The baseline version uses SIFT features as descriptors for faces. It had two total stages, the first which mined random negatives and the second which mined hard negatives, as in Dalal-Triggs. Also following their lead, new negative training features were merged with old ones. During face detection, a step size of 2 and a starting scale of 2 were used to increase accuracy at the tradeoff of speed. For the linear classifier, lambda = 100 was used. For the nonlinear classifier, an RBF kernel with lambda = 1 was used.
Since false negatives get eliminated at each stage of the cascade, to improve accuracy, we need to find better features, find a classifier which better separates the data, or create more steps in the cascade and eliminate less false negatives each time. The last two of these are explored below.
Finally, creating more steps in the cascade and eliminating less false negatives (in other words, allowing more false positives) in the style of Viola-Jones was investigated. Two trials for reducing false-negatives were investigated. In each, as with Viola-Jones, new negative training features were not merged with old ones but instead replaced them in each stage of the cascade. For each, the cascade was limited to a maximum of 10 total stages. Both linear and nonlinear classifiers were tested. Finally, their runtimes both in testing and in evaluation were compared to those of the baseline. Except where mentioned above, all other parameters were held constant to the first cascade trials.
In the first trial, each stage of the cascade barring the last adjusted the offset (cascade{cur_stage,2} in code) so that all false negatives became true positives. This has the effect of eliminating the easiest true negatives early and enabling the classifier to then focus on the most face-like non-faces (false positives) in the next cascade.
In the second trial, each stage of the cascade barring the last adjusted the offset (cascade{cur_stage,2} in code) so that a different rate of false positives were allowed. In the first stage, all false negatives became true positives as in the first trial.
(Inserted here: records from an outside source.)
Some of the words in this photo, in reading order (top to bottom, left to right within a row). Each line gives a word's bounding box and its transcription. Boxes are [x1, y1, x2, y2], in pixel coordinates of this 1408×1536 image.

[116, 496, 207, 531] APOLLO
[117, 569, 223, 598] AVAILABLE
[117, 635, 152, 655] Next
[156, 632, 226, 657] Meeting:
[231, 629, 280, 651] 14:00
Then, for each consecutive stage, the false positive rate was halved from the previous stage.
Type | AP | Training time (s) | Testing time (s) |
Linear (Dalal-Triggs baseline) | 0.673 | 1164 | 598 |
Nonlinear (Dalal-Triggs baseline) | 0.747 | 3250 | 2272 |
Linear no-FN (Viola-Jones cascade) | 0.562 | 10273 | 907 |
Nonlinear no-FN (Viola-Jones cascade) | 0.793 | 29824 | 2338 |
Linear controlled-FP (Viola-Jones cascade) | 0.340 | 9126 | 668 |
Nonlinear controlled-FP (Viola-Jones cascade) | 0.598 | 27541 | 2014 |
In performance, the nonlinear no false negative Viola-Jones cascade performed the best of all the classifiers. The author would hypothesize that this result is due to the non-linear classifier being able to accurately shave off large non-face spaces.
A similar performance was not seen on the linear no false negative Viola-Jones cascade. It appears that the linear version, although able to also shave off some space, could not make as deep of cuts as the non-linear version.
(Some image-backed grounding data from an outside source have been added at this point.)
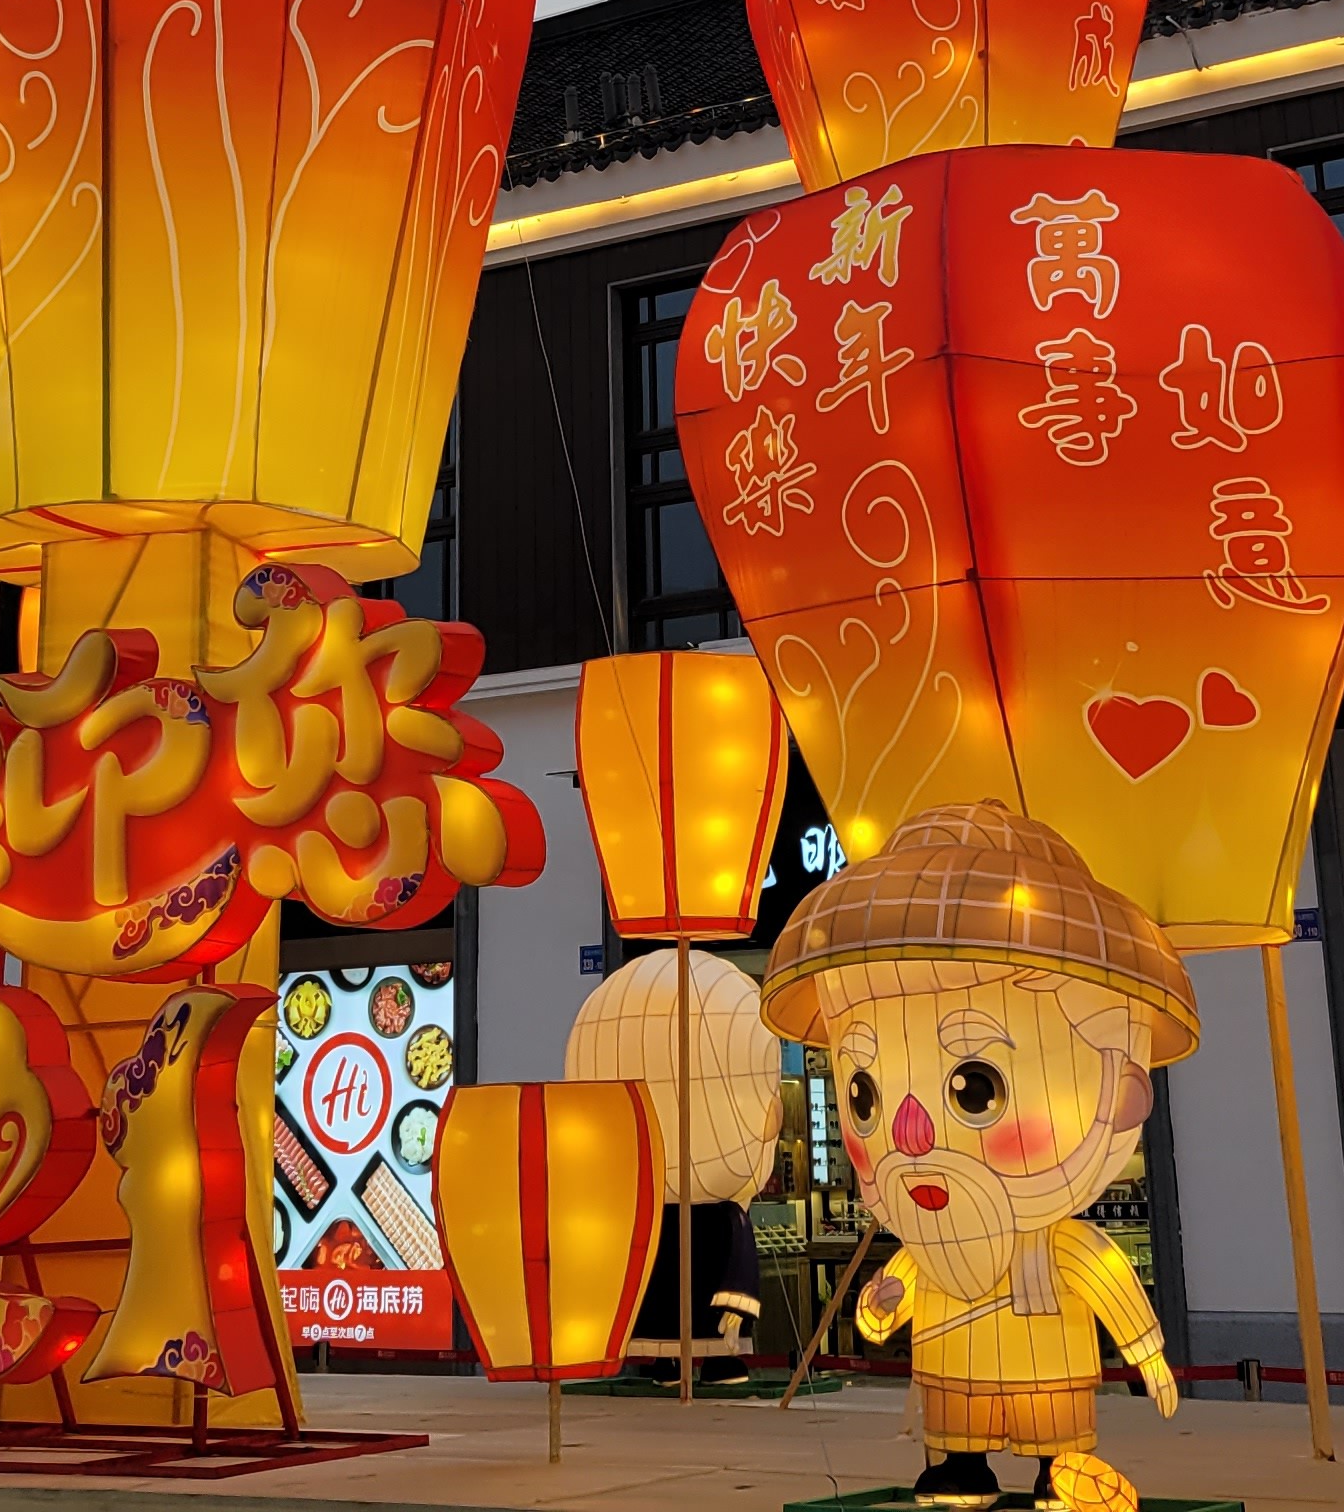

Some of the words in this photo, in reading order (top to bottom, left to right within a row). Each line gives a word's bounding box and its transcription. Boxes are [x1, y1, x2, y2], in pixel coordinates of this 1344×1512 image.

[703, 279, 817, 537] 快樂
[809, 183, 915, 434] 新年
[1010, 189, 1138, 466] 萬事
[1160, 324, 1331, 614] 如意
[321, 1055, 373, 1129] Hi
[356, 1285, 424, 1315] 海底捞
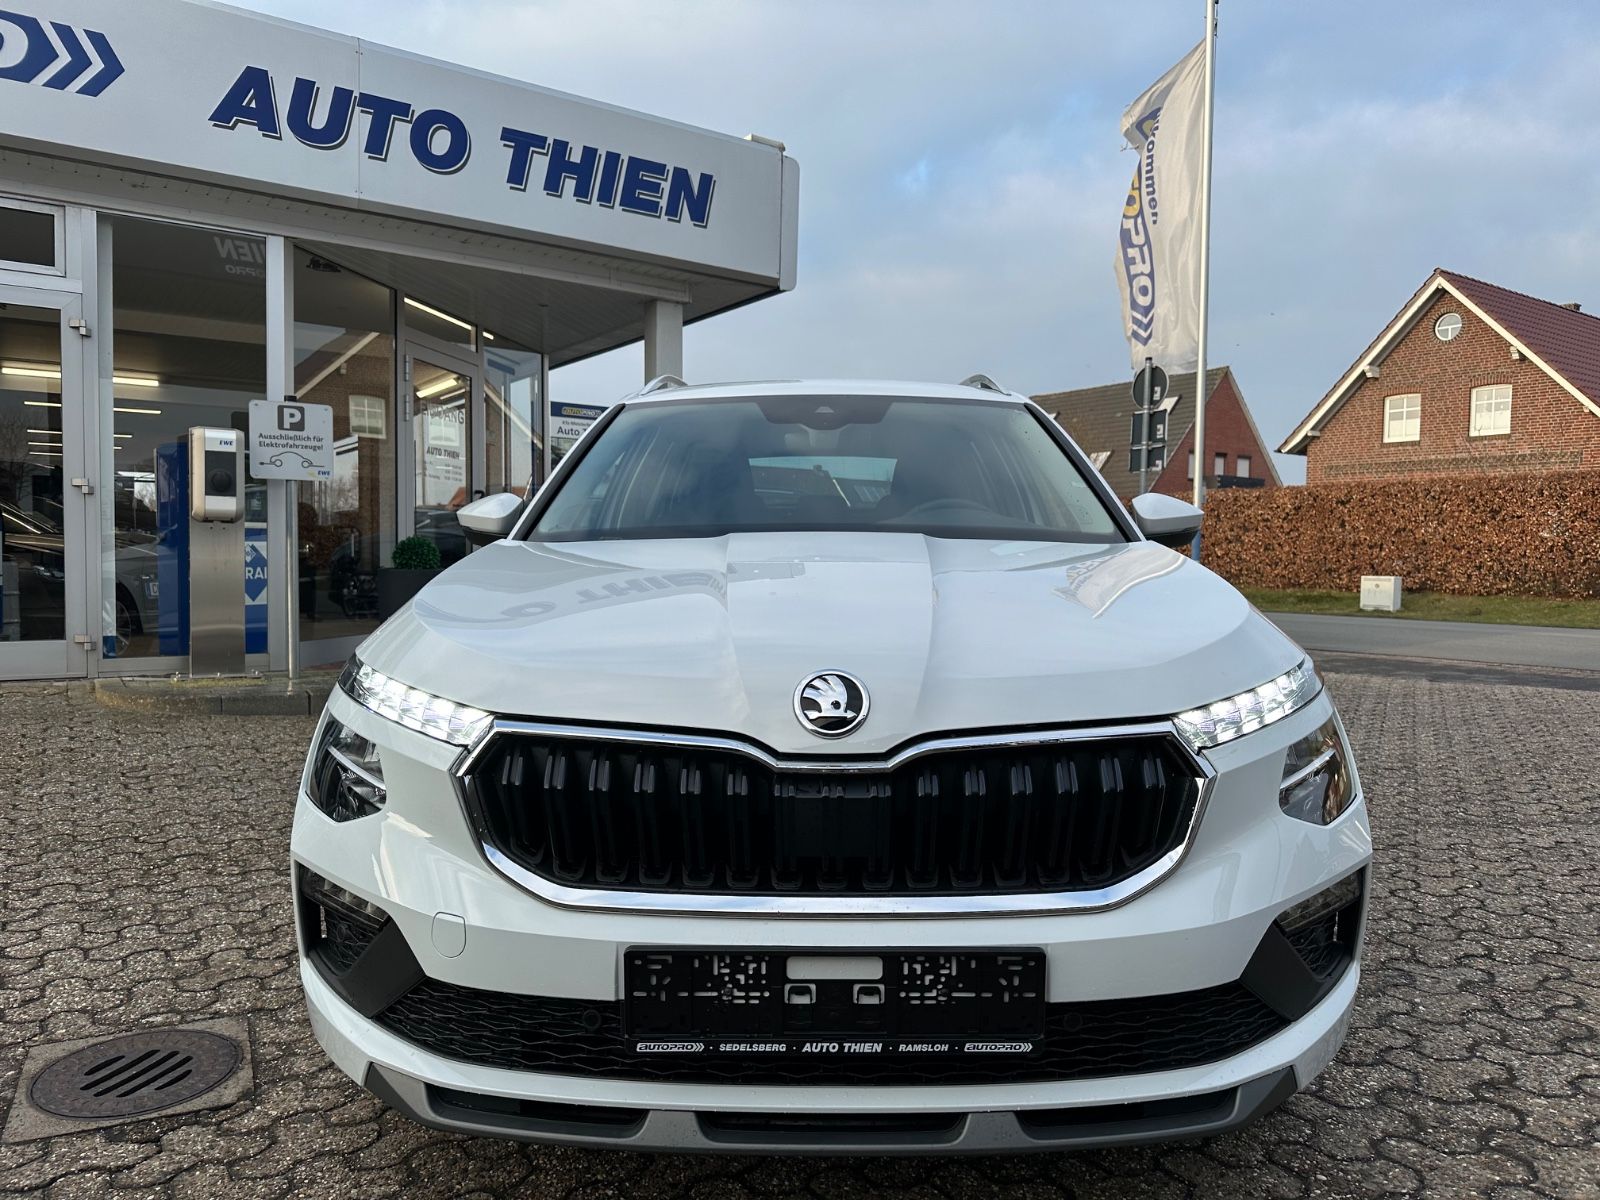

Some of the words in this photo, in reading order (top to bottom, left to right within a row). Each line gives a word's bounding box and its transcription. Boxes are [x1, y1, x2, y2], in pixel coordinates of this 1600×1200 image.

[208, 65, 470, 175] AUTO
[500, 126, 715, 229] THIEN
[283, 407, 302, 430] P
[557, 425, 580, 436] Auto
[258, 433, 312, 444] Ausschließlich
[313, 435, 324, 443] für
[426, 446, 442, 457] AUTO
[719, 1043, 787, 1052] SEDELSBERG
[802, 1042, 839, 1053] AUTO
[843, 1042, 883, 1053] THIEN
[899, 1043, 949, 1052] RAMSLOH
Examining the FPR rate of both over the cascade, the linear version approaches a large (>0.4) FPR much more rapidly than the non-linear version. A large FPR would suggest that while false negatives could be found, there was not a boundary which could separate all of the faces (so they were TP) from most of the non-faces (so they were TN).
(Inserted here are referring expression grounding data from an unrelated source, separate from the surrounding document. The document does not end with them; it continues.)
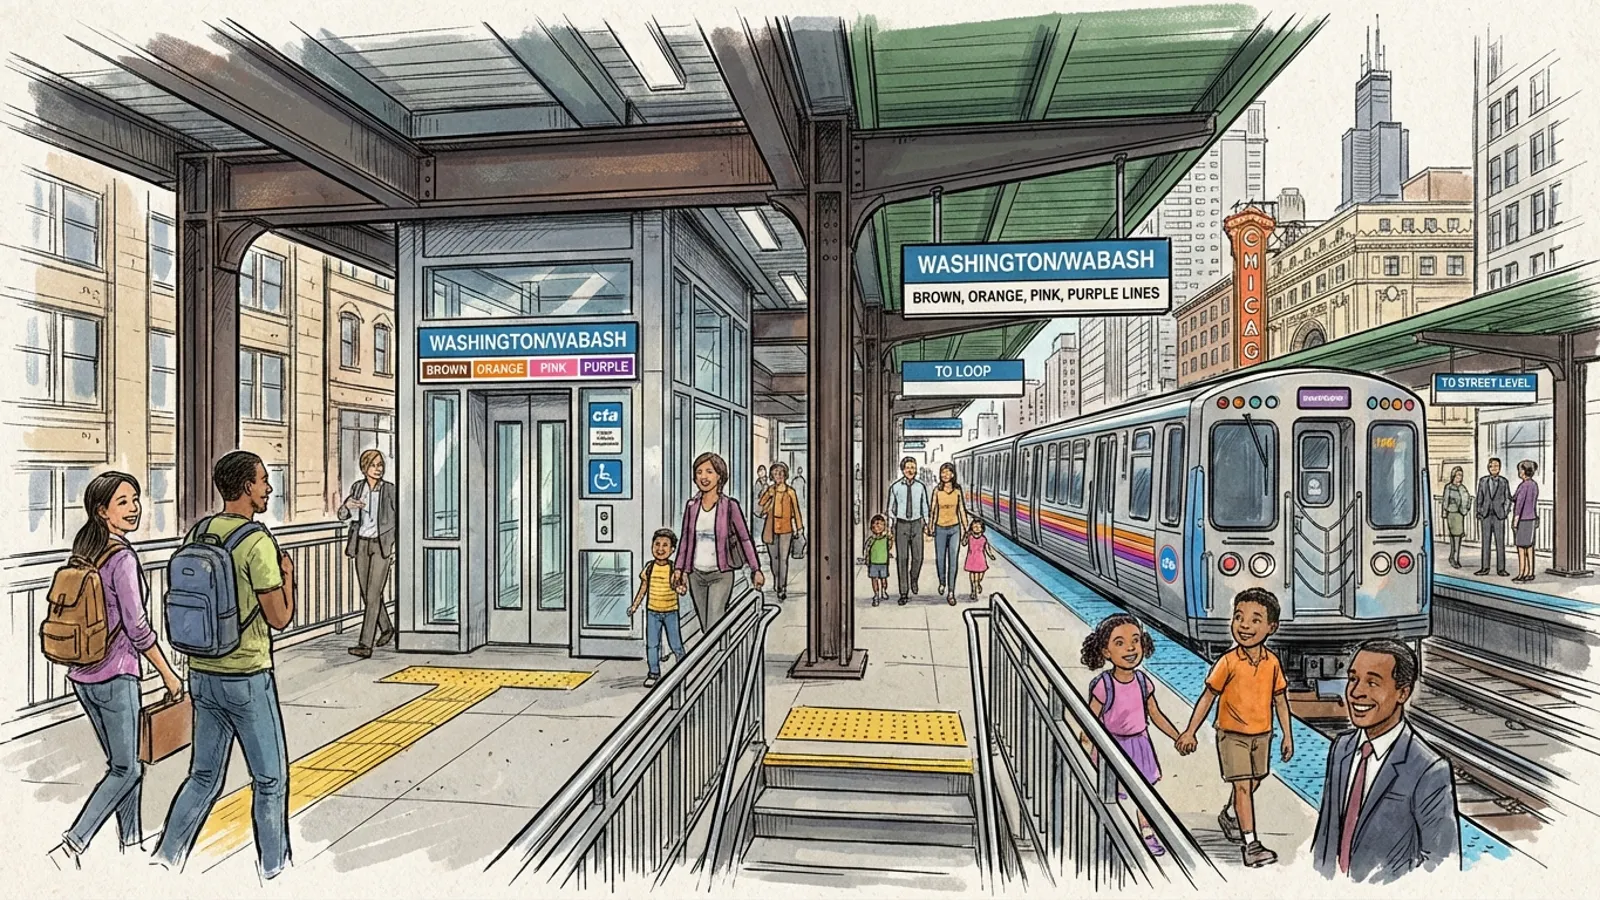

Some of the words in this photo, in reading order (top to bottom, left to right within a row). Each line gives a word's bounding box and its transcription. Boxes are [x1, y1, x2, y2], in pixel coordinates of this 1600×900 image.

[917, 249, 1155, 274] WASHINGTON/WABASH
[912, 290, 965, 305] BROWN,
[968, 289, 1027, 304] ORANGE,
[1030, 288, 1064, 302] PINK,
[1067, 287, 1118, 300] PURPLE
[1122, 286, 1160, 300] LINES
[429, 331, 627, 351] WASHINGTON/WABASH
[426, 364, 468, 375] BROWN
[476, 362, 524, 374] ORANGE
[540, 362, 567, 373] PINK
[584, 360, 629, 373] PURPLE
[935, 365, 953, 378] TO
[955, 365, 992, 377] LOOP
[1441, 377, 1456, 388] TO
[1457, 377, 1497, 388] STREET
[1499, 378, 1531, 388] LEVEL
Both controlled false positive cascades performed poorly. It is hypothesized that this is because the false positive reduction rate was too aggressive. (Unfortunately, time contraints do not allow for this test. Second, both appear to have exhausted their training data, evidenced by a TPR approaching 1, with the linear classifier doing so after 6 stages and the nonlinear classifier doing so after 5.
It is also hypothesized that the controlled false positive cascades performed poorly because of a lack of data. Note how well, for instance, the linear Dalal-Triggs baseline classifier performed. In its second iteration, it was given twice as many false negative examples. This extra training data may have enabled clearer boundaries to be formed. (2000 examples in 128-dimensional space is pushing against the minimum rule-of-thumb ratio (~ a 10:1 examples-to-dimensions) for creating a boundary.) In other words, the poorly-performing cascades may have had poor boundaries due to lack of examples, thus making false negatives of actual faces.
Finally, the nonlinear controlled false positive Viola Jones cascade did slightly better for testing speed at the sacrifice of accuracy. It is hypothesized that this was because very few examples reached past stage 2, so performance was similar to the Dalal-Triggs baseline, but this data was not available to examine.